Let's Talk Food. "Hungry City" at Kunstraum Kreuzberg/Bethanien

Let's Talk Food. "Hungry City" at Kunstraum Kreuzberg/Bethanien

  • Berliner Cupcake




Where did I get the idea that riding the subway is no fun? I took the subway two days in a row, feeling too lazy for my usual bike ride. Both times exciting things happened. The first time the lady next to me had a poodle on her lap who without warning decided it was time for a pee. The owner took it in stride and laughed it off. The second time I sat down next to a lady with a platter of freshly baked cupcakes on her lap. They looked and smelled so yummy I could not take my eyes off. I ended up buying one of these what must have been a Berliner cupcake because it had a gummy bear on top of it. My neighbor was on her way to the museum island to sell her cupcakes to the art lovers. The money is for an initiative called “cupcakes for literacy”, providing children with learning resources. The Let's Talk Cupcakes!-project, so I checked online, also organizes language lessons – promoted as the tastiest way to learn English.
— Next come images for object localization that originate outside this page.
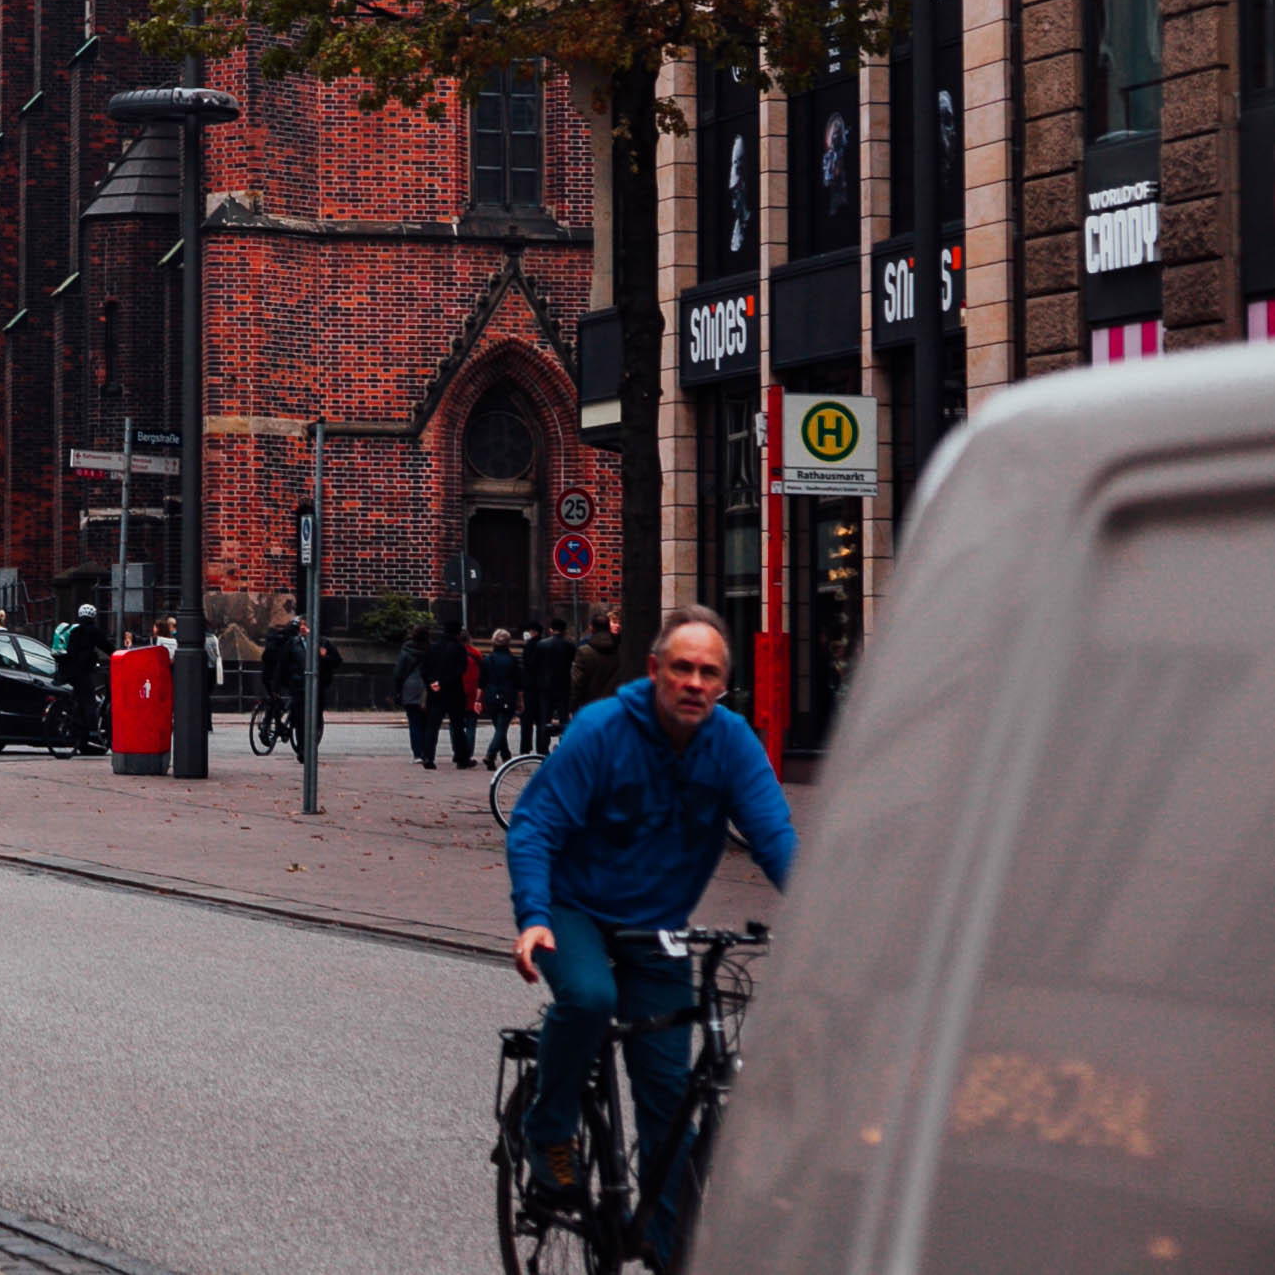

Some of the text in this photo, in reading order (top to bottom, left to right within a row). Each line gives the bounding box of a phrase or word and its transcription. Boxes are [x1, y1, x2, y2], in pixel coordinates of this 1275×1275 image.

[1089, 181, 1154, 210] WORLD OF
[1085, 203, 1157, 273] CANDY
[884, 248, 953, 323] snis
[690, 296, 747, 370] snipes
[137, 431, 181, 445] Bergstraße
[817, 416, 842, 448] H
[797, 470, 865, 482] Rathausmarkt
[564, 499, 586, 520] 25
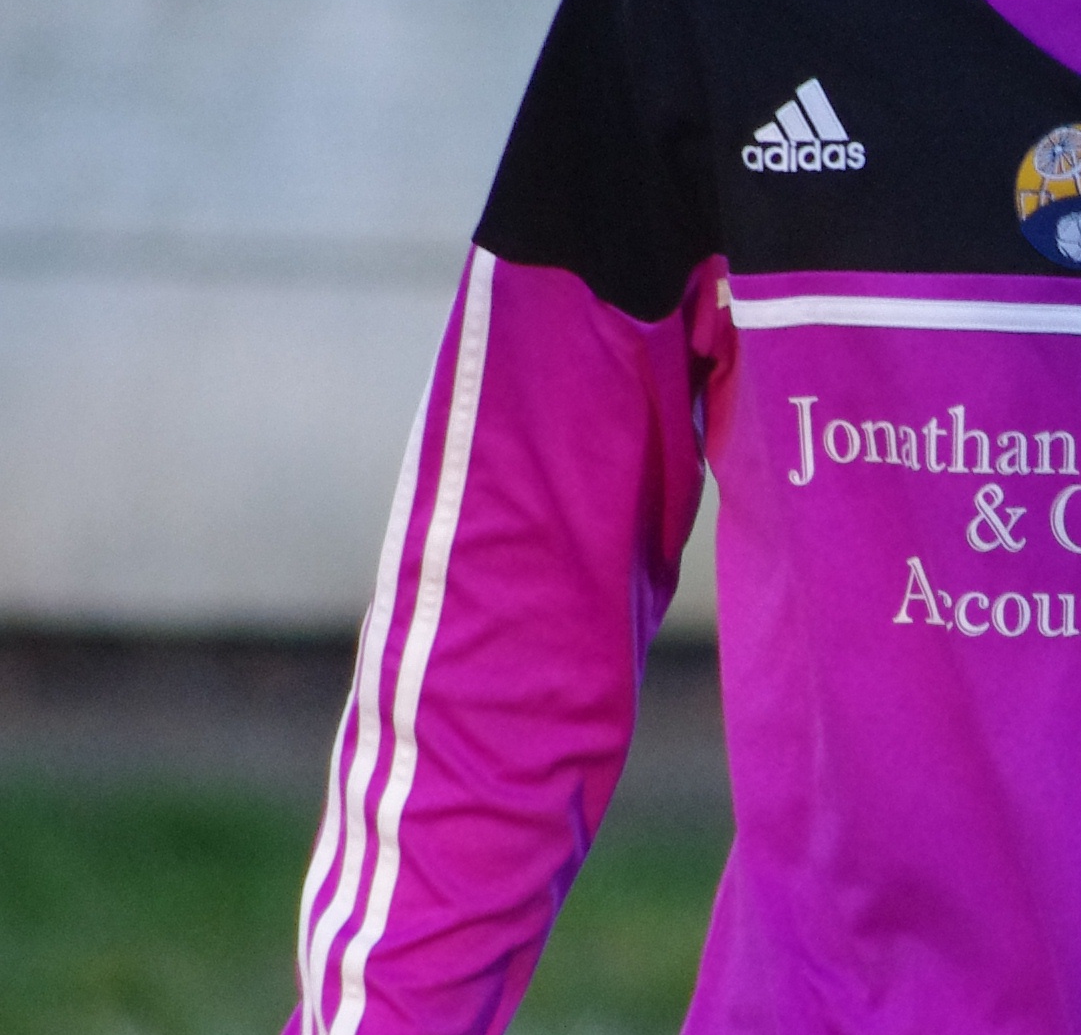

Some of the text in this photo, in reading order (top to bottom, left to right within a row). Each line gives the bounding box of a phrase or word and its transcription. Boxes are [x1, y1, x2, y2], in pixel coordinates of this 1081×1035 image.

[742, 141, 866, 172] adidas
[788, 395, 1079, 487] Jonathan
[966, 483, 1027, 553] &
Even corporate team building can be a piece of cake with cupcakes (www.letstalkcupcakes.com).





Sugarhigh I arrived back in my neighborhood Kreuzberg. I actually happen to live in a hood where many people are convinced that with food one can make the world a better place. Food, for example, can surely revive deserted places and tighten the community. Around the corner of my place, in the Eisenbahnstraße, there is Markthalle IX. Built in 1891, the market hall's downfall started in 1997 when ALDI moved in. Merchants could not cope and had to leave. ALDI is still there but in 2009 the neighborhood's residents started an initiative: Markthalle Neun (http://www.markthalle9.de/konzept.html). As a result there is now a market on Fridays and Saturdays with local merchants selling pies, juices, flowers, regional vegetables and meat. The cooking is glocal: veggie burgers, spanish tapas, Berliner Blutwurst. The tables are covered with ecological food and the neighborhood gathers around. During the rest of the week you can still hit Markthalle IX for a five euro dinner at noon. Or you can have a coffee at the central booth, which has been there since 1989, surviving the market hall's harshest times and apparently enduring stoically its recent upgrading. 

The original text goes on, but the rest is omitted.